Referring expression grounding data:
▽

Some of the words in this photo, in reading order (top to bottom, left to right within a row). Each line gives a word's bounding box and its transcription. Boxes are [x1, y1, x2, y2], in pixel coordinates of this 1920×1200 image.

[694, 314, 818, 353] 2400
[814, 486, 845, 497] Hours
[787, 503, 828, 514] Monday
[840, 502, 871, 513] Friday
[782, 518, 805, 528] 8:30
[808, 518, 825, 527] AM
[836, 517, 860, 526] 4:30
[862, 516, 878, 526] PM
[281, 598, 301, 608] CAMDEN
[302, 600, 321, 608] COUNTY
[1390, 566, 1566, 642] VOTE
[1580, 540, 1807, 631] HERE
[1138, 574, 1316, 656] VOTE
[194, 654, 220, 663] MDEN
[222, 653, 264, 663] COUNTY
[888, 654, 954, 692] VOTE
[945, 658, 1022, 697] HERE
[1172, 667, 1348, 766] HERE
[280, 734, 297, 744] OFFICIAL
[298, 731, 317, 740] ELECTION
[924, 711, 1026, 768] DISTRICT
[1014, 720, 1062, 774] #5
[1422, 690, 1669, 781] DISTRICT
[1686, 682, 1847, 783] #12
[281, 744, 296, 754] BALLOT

△

### PROBLEM DESCRIPTION
Reproduce every record above, word for word.

### ANSWER FOR THIS EXERCISE
Some of the words in this photo, in reading order (top to bottom, left to right within a row). Each line gives a word's bounding box and its transcription. Boxes are [x1, y1, x2, y2], in pixel coordinates of this 1920×1200 image.

[694, 314, 818, 353] 2400
[814, 486, 845, 497] Hours
[787, 503, 828, 514] Monday
[840, 502, 871, 513] Friday
[782, 518, 805, 528] 8:30
[808, 518, 825, 527] AM
[836, 517, 860, 526] 4:30
[862, 516, 878, 526] PM
[281, 598, 301, 608] CAMDEN
[302, 600, 321, 608] COUNTY
[1390, 566, 1566, 642] VOTE
[1580, 540, 1807, 631] HERE
[1138, 574, 1316, 656] VOTE
[194, 654, 220, 663] MDEN
[222, 653, 264, 663] COUNTY
[888, 654, 954, 692] VOTE
[945, 658, 1022, 697] HERE
[1172, 667, 1348, 766] HERE
[280, 734, 297, 744] OFFICIAL
[298, 731, 317, 740] ELECTION
[924, 711, 1026, 768] DISTRICT
[1014, 720, 1062, 774] #5
[1422, 690, 1669, 781] DISTRICT
[1686, 682, 1847, 783] #12
[281, 744, 296, 754] BALLOT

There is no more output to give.